■ **TASK DATA**:
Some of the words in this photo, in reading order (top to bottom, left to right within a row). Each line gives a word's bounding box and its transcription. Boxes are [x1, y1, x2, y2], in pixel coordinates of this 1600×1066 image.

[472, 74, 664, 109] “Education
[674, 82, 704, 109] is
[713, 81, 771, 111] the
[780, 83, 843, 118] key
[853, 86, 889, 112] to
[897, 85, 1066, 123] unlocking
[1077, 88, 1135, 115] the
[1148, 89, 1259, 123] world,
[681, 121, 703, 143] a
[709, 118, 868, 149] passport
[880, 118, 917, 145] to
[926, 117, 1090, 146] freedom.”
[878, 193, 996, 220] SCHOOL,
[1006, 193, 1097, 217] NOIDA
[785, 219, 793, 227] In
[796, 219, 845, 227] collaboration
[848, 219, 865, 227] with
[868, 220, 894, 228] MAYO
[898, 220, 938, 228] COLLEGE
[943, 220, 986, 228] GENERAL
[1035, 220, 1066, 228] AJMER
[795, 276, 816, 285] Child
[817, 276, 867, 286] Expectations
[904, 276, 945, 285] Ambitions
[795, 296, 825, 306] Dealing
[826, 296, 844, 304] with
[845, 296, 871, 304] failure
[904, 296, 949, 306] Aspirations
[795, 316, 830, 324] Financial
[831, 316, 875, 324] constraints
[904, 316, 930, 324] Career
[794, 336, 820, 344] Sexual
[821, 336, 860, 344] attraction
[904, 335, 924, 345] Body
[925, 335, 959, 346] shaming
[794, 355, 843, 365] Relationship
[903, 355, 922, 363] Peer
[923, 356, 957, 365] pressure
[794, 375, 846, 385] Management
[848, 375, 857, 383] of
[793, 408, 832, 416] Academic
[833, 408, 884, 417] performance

■ **TASK OBJECTIVE**:
Give all the records again. Match them exactly.

■ **YOUR SOLUTION**:
Some of the words in this photo, in reading order (top to bottom, left to right within a row). Each line gives a word's bounding box and its transcription. Boxes are [x1, y1, x2, y2], in pixel coordinates of this 1600×1066 image.

[472, 74, 664, 109] “Education
[674, 82, 704, 109] is
[713, 81, 771, 111] the
[780, 83, 843, 118] key
[853, 86, 889, 112] to
[897, 85, 1066, 123] unlocking
[1077, 88, 1135, 115] the
[1148, 89, 1259, 123] world,
[681, 121, 703, 143] a
[709, 118, 868, 149] passport
[880, 118, 917, 145] to
[926, 117, 1090, 146] freedom.”
[878, 193, 996, 220] SCHOOL,
[1006, 193, 1097, 217] NOIDA
[785, 219, 793, 227] In
[796, 219, 845, 227] collaboration
[848, 219, 865, 227] with
[868, 220, 894, 228] MAYO
[898, 220, 938, 228] COLLEGE
[943, 220, 986, 228] GENERAL
[1035, 220, 1066, 228] AJMER
[795, 276, 816, 285] Child
[817, 276, 867, 286] Expectations
[904, 276, 945, 285] Ambitions
[795, 296, 825, 306] Dealing
[826, 296, 844, 304] with
[845, 296, 871, 304] failure
[904, 296, 949, 306] Aspirations
[795, 316, 830, 324] Financial
[831, 316, 875, 324] constraints
[904, 316, 930, 324] Career
[794, 336, 820, 344] Sexual
[821, 336, 860, 344] attraction
[904, 335, 924, 345] Body
[925, 335, 959, 346] shaming
[794, 355, 843, 365] Relationship
[903, 355, 922, 363] Peer
[923, 356, 957, 365] pressure
[794, 375, 846, 385] Management
[848, 375, 857, 383] of
[793, 408, 832, 416] Academic
[833, 408, 884, 417] performance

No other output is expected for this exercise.